3.1. Data Source and Eligibility Criteria

The Web of Science (WoS) Core Collection was selected as the sole data source for this bibliometric review due to its standardized metadata structure, robust citation indexing, and suitability for reproducible scientometric and network analyses. The search was conducted across the Topic (TS) field in WoS, which encompasses title, abstract, author keywords, and Keywords Plus, ensuring comprehensive retrieval of thematically relevant publications. The specific search-field construction and Boolean logic are detailed in Section 3.2.

The analysis included records indexed in the Science Citation Index Expanded (SCI-EXPANDED), Social Sciences Citation Index (SSCI), and Emerging Sources Citation Index (ESCI) to capture both established and emerging research on durable road transport and intelligent infrastructure systems. For each record, the following metadata fields were exported in WoS Plain Text format to support bibliometric and network analysis: authors, article title, abstract, author keywords, Keywords Plus, affiliations, publication year, source title, cited references, and total citation counts.

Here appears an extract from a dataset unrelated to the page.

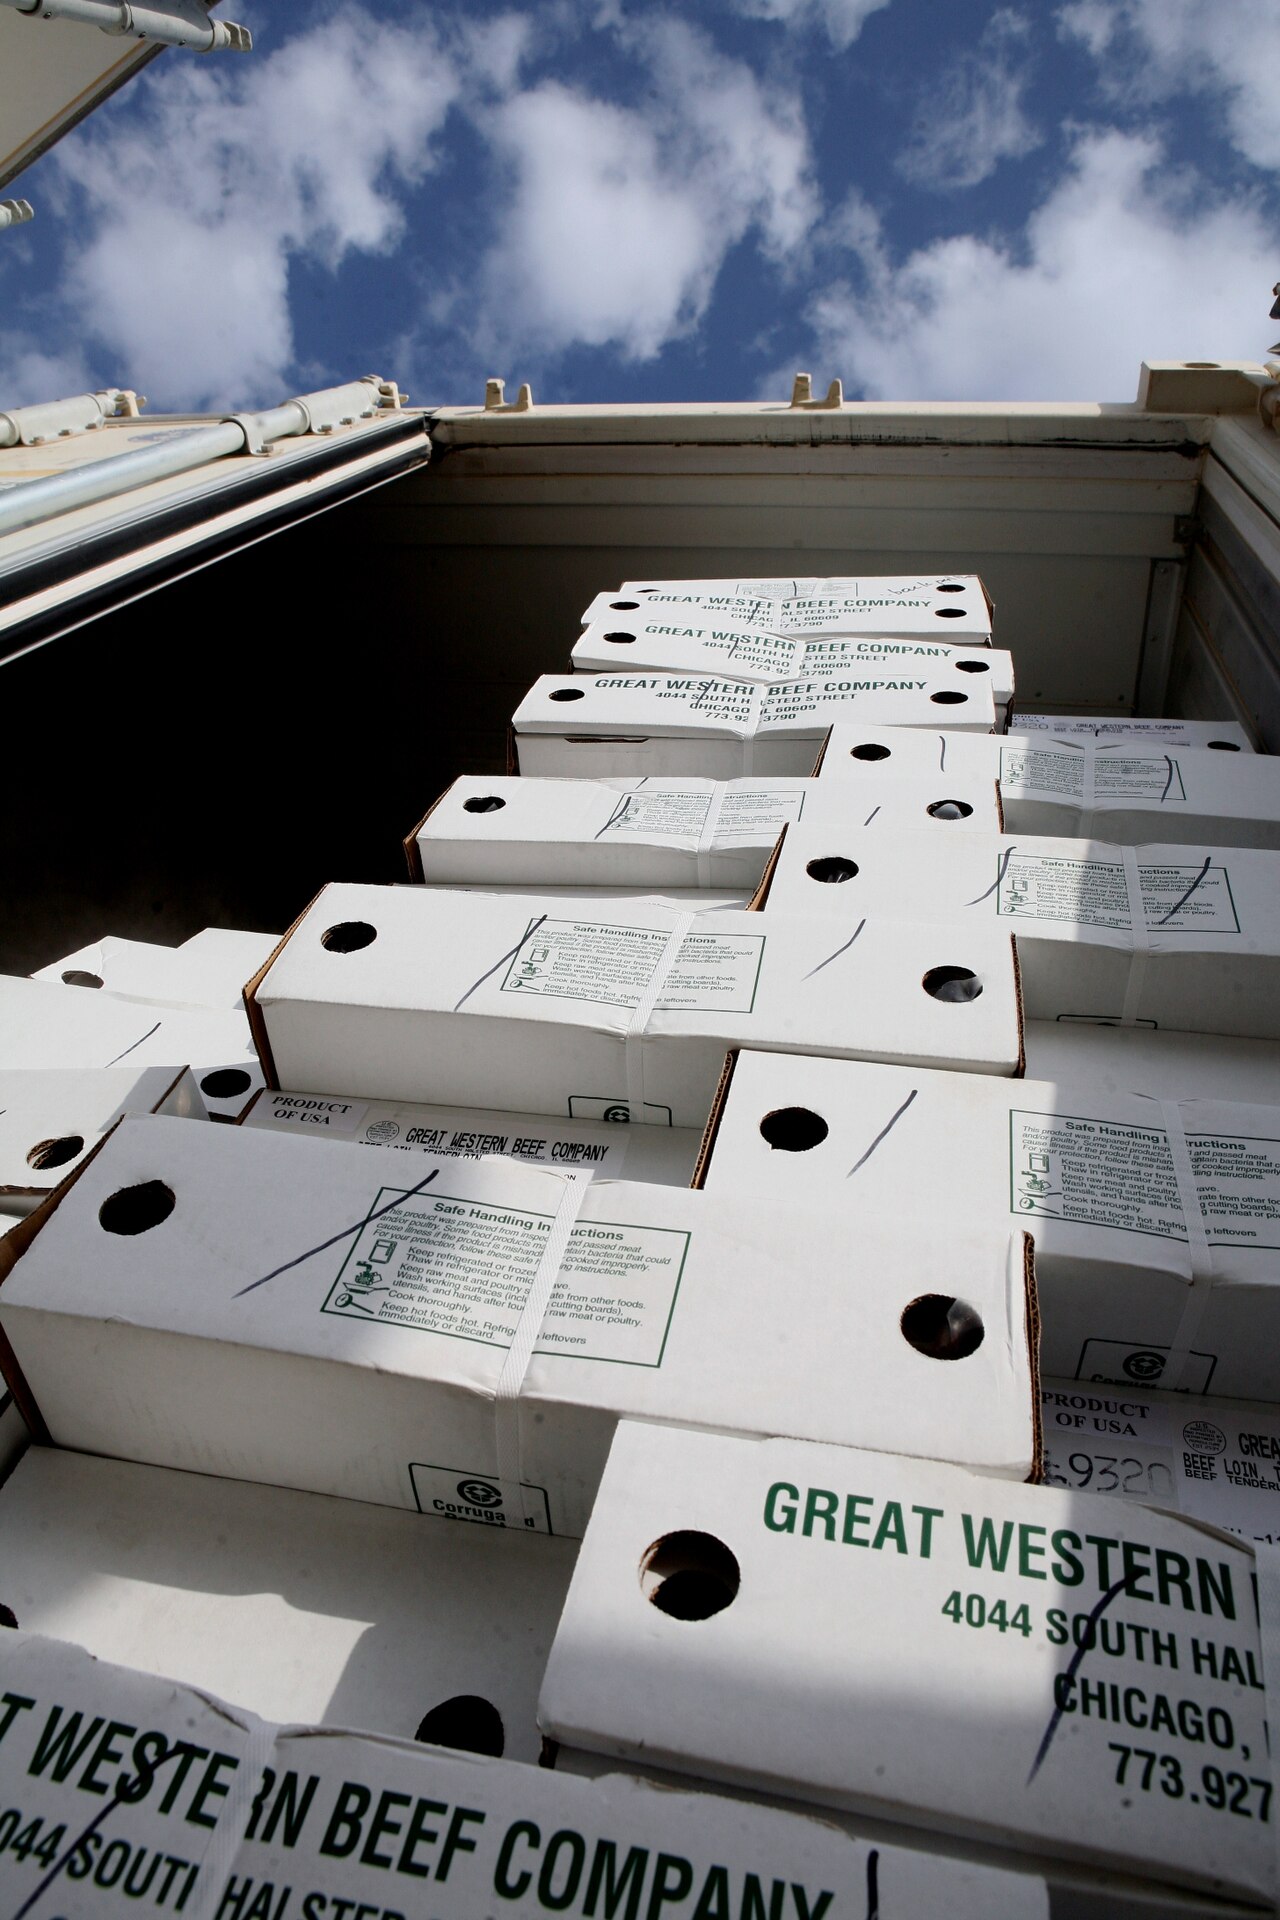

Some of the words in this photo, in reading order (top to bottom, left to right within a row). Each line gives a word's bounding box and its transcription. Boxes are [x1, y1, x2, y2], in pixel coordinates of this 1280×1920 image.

To ensure relevance and scientific rigor, eligibility criteria were applied. Included documents comprised peer-reviewed journal articles, review papers, and conference proceedings, written in English and focused on environmentally friendly road transport, emerging transport technologies, or intelligent transportation systems. The inclusion of conference proceedings was justified by the rapid pace of innovation in fields such as autonomous vehicles, IoT-enabled infrastructure, and real-time transport systems, where early-stage and infrastructure-oriented advances are frequently disseminated through high-quality proceedings.

The publication period was restricted to 2021–2025 to capture recent developments related to transport digitalization, automation, and decarbonization, while ensuring sufficient data maturity for citation-based analysis.

The exclusion criteria removed: editorials, book reviews, notes, corrections, and meeting abstracts; non-English publications; and studies not directly related to road transport or technological aspects of mobility.

3.2. Search Strategy

To improve conceptual precision and address reviewer concerns regarding search-string structure, the final query was constructed using a three-block Boolean framework that reflects the intersection of: road transport systems, sustainability, and emerging technologies. Sustainability-related terms were included in the search strategy to reflect dominant terminology used in the literature and policy discourse, rather than to impose a normative sustainability framework on the analysis.

The final search string applied in WoS was: TS = (“road transport” OR “road traffic” OR “road mobility” OR “transport system”) AND (“sustainable” OR “low-carbon” OR “green transport” OR “environmental impact”) AND (“emerging technology” OR “smart transport” OR “intelligent transport system” OR “autonomous vehicle” OR “electric vehicle” OR “connected vehicle”).

The search was conducted on 2 November 2025, and all records were exported in WoS Plain Text format for compatibility with the visualization tools.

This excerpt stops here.